▶ **TASK TO COMPLETE**
Your answer should be an exact copy of the lines from the one holding "Some of the text" to the end of the material below, pictures left out.

----- MATERIAL SHOWN -----

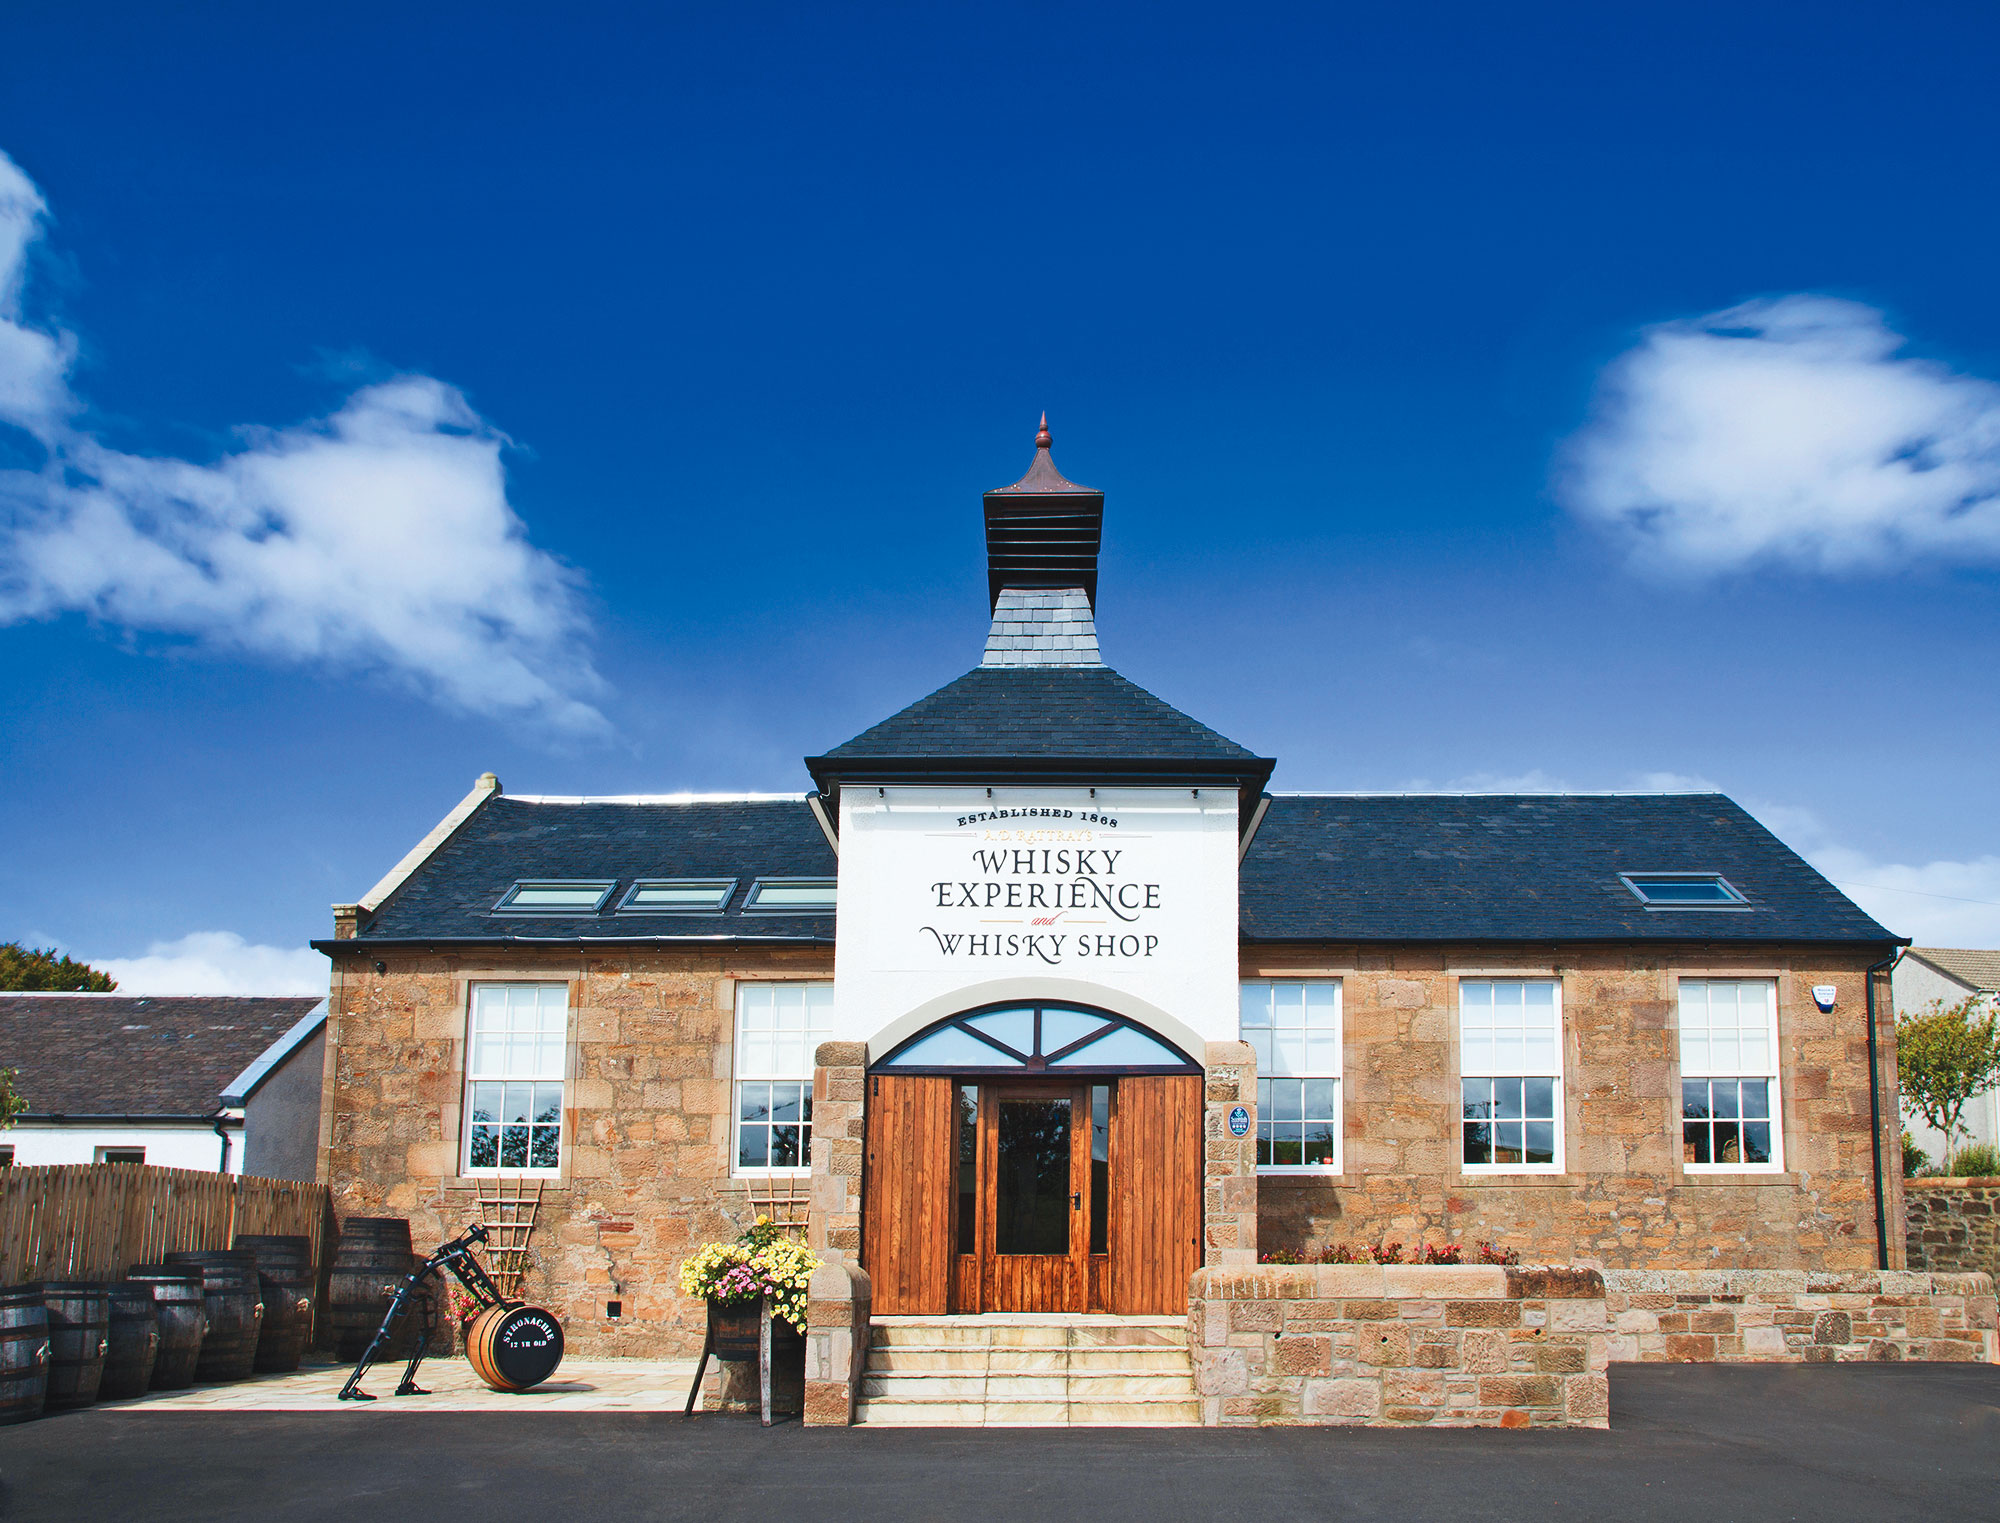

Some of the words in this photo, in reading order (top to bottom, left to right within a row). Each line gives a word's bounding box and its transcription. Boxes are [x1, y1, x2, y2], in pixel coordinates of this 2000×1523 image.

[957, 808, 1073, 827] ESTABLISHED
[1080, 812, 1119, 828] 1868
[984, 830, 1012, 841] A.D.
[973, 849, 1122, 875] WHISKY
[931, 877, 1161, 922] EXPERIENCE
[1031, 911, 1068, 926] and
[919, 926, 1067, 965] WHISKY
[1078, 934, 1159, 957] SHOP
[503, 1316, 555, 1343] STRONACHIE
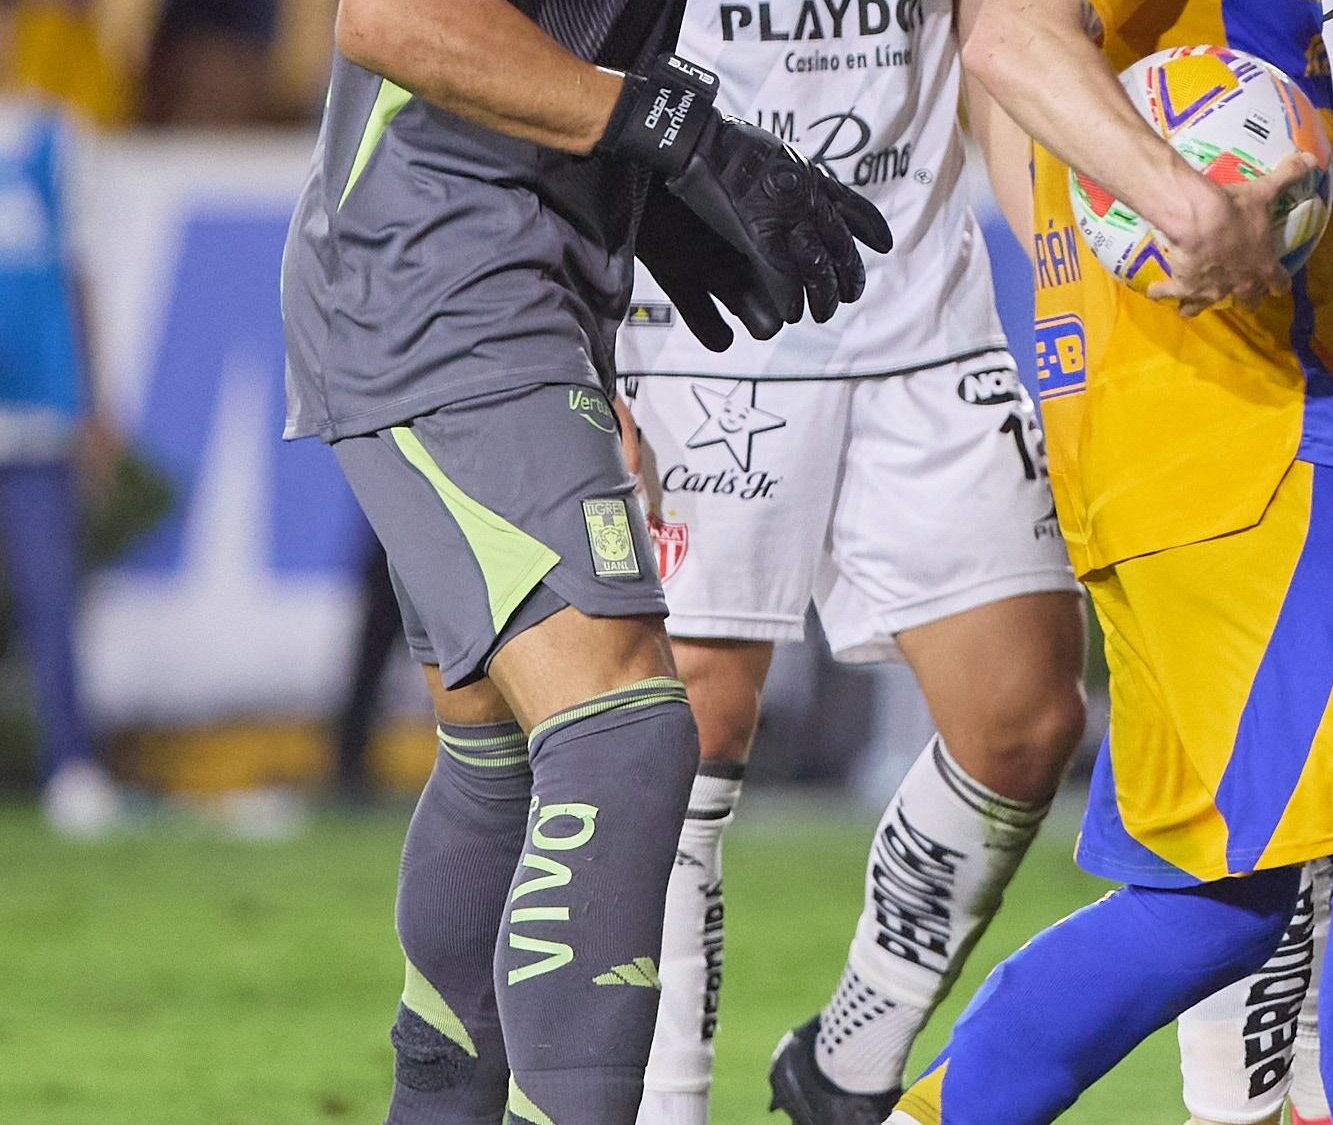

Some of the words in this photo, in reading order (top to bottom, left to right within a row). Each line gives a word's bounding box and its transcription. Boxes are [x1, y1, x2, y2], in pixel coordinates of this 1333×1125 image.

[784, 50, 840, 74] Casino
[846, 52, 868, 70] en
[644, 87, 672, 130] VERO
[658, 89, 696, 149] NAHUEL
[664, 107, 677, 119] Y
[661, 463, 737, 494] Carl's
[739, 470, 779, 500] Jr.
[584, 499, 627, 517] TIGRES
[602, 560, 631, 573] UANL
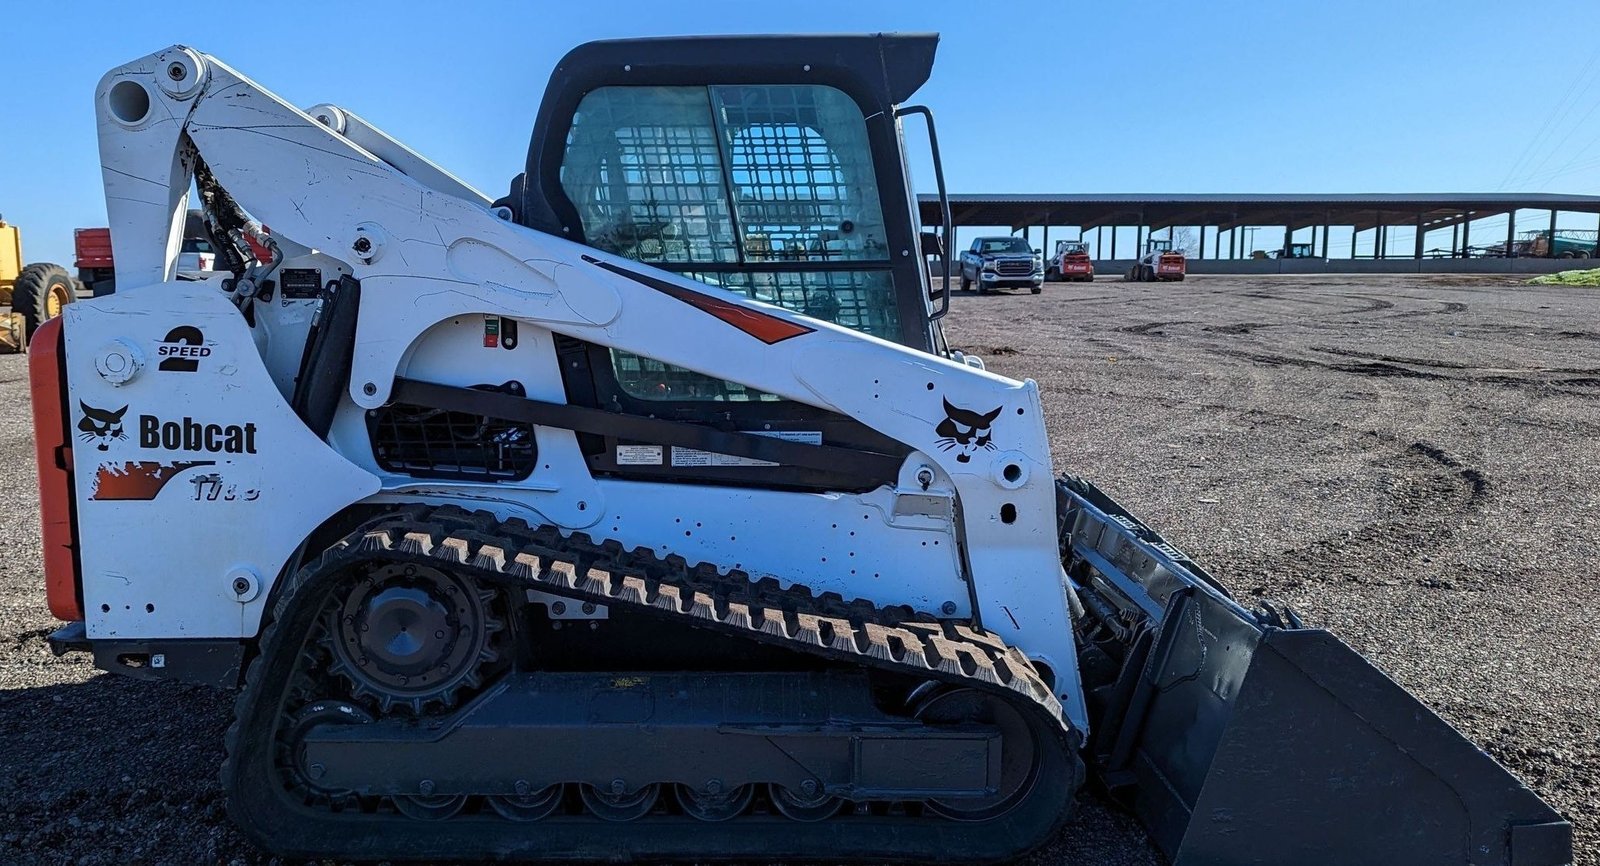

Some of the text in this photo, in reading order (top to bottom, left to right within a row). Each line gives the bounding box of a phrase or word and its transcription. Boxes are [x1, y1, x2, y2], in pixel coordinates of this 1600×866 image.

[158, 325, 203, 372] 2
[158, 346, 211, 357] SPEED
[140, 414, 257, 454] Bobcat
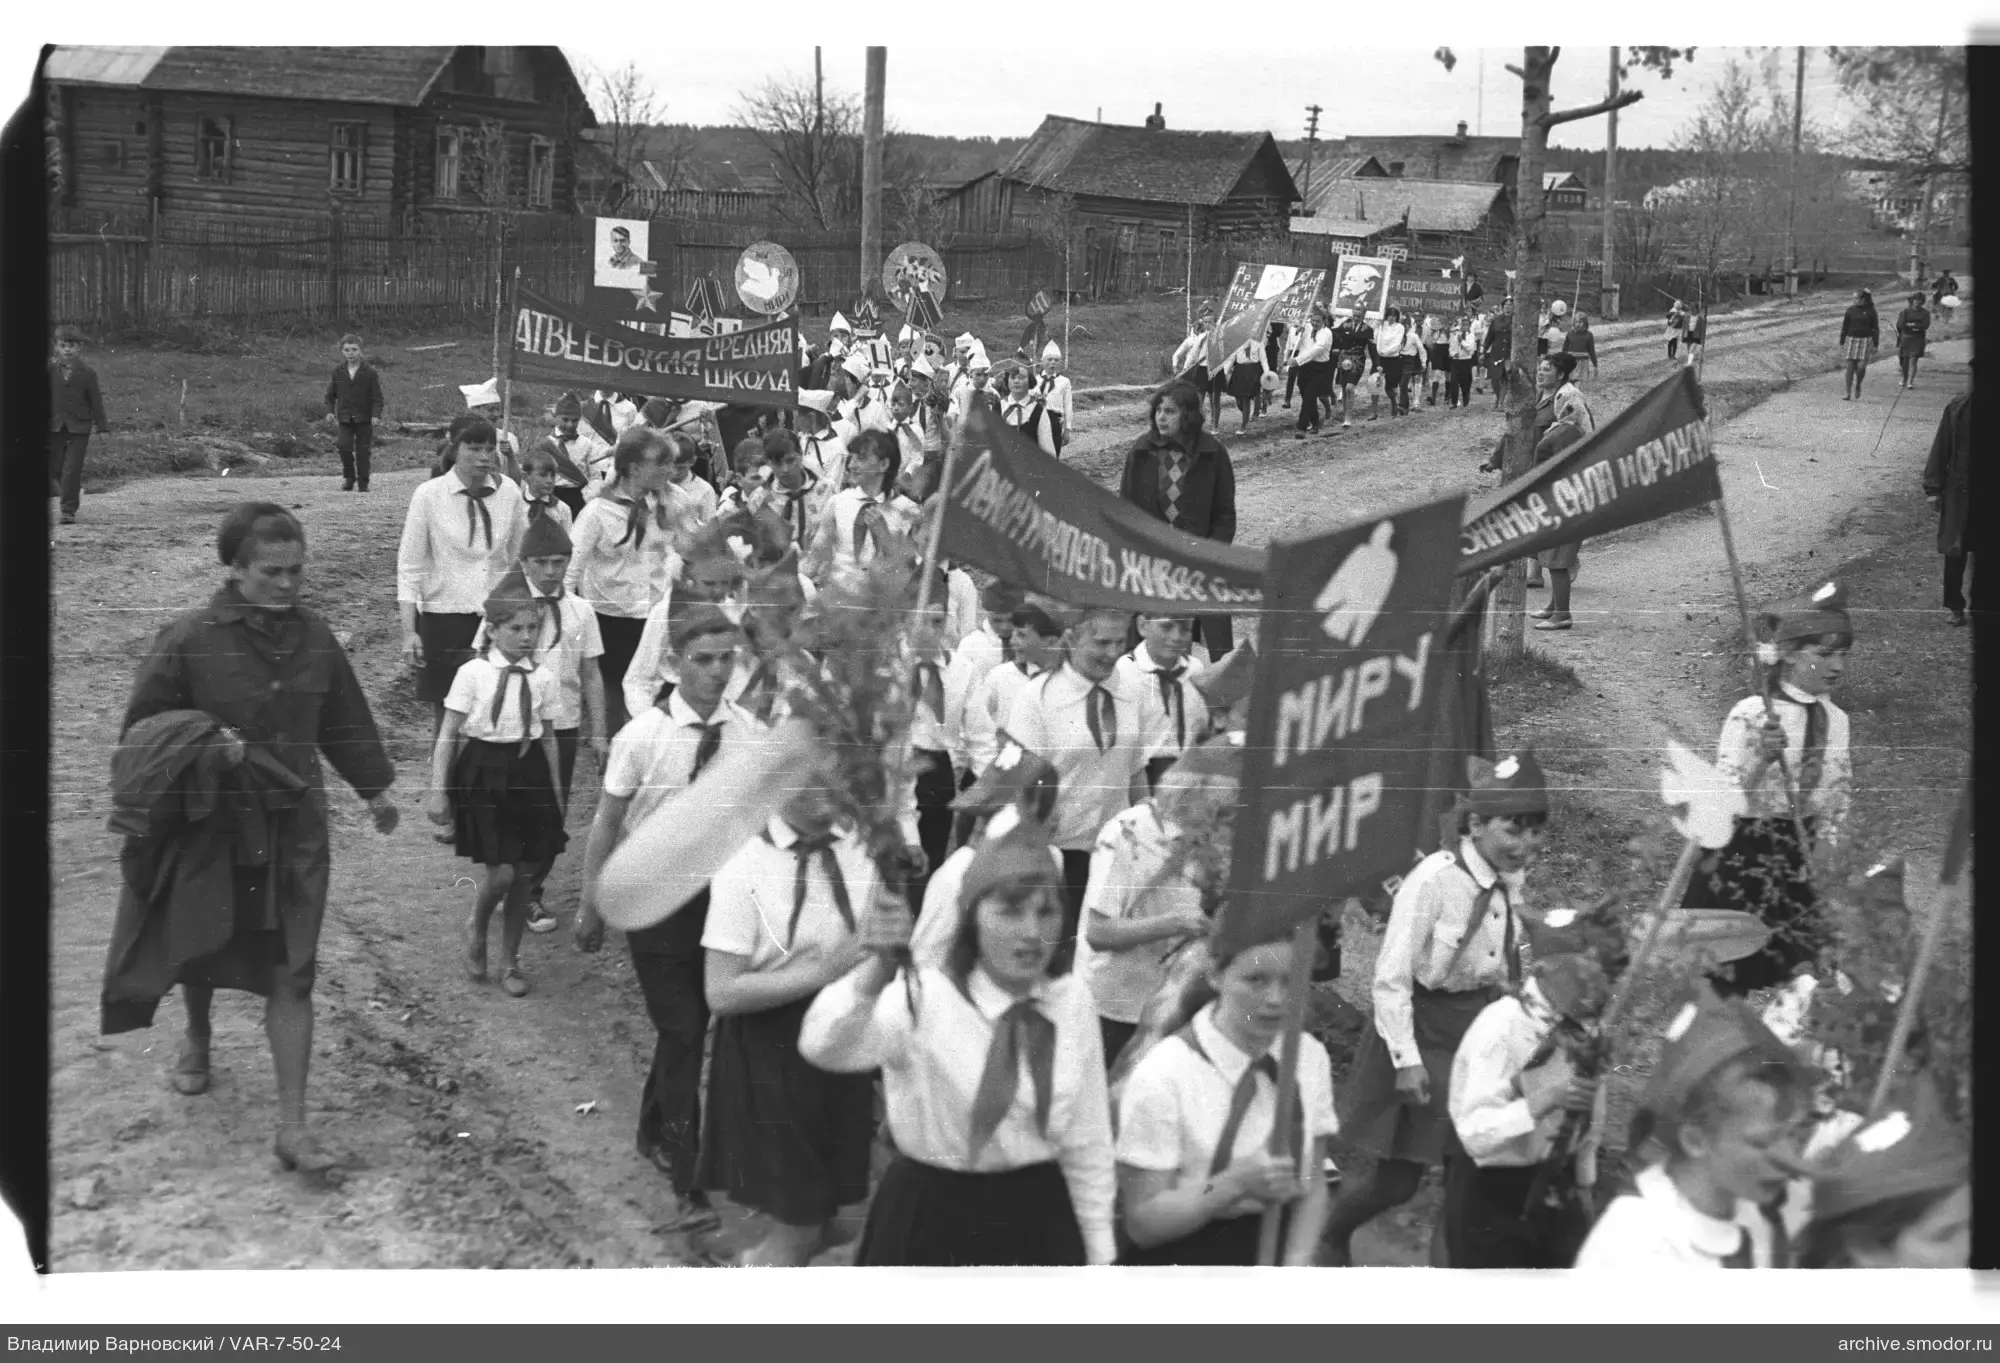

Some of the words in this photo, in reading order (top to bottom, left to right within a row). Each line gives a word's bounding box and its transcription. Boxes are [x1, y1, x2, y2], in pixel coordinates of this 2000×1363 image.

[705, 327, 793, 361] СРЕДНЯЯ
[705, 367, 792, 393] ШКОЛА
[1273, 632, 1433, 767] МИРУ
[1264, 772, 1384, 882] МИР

-----

▶ **COMPLETED EXERCISE**
Some of the text in this photo, in reading order (top to bottom, left to right within a row). Each line gives the bounding box of a phrase or word and its transcription. Boxes are [x1, y1, x2, y2], in pixel coordinates of this 1600×866 image.

[158, 325, 203, 372] 2
[158, 346, 211, 357] SPEED
[140, 414, 257, 454] Bobcat

Some of the words in this photo, in reading order (top to bottom, left to right within a row). Each line gives a word's bounding box and its transcription. Boxes are [x1, y1, x2, y2], in pixel coordinates of this 2000×1363 image.

[705, 327, 793, 361] СРЕДНЯЯ
[705, 367, 792, 393] ШКОЛА
[1273, 632, 1433, 767] МИРУ
[1264, 772, 1384, 882] МИР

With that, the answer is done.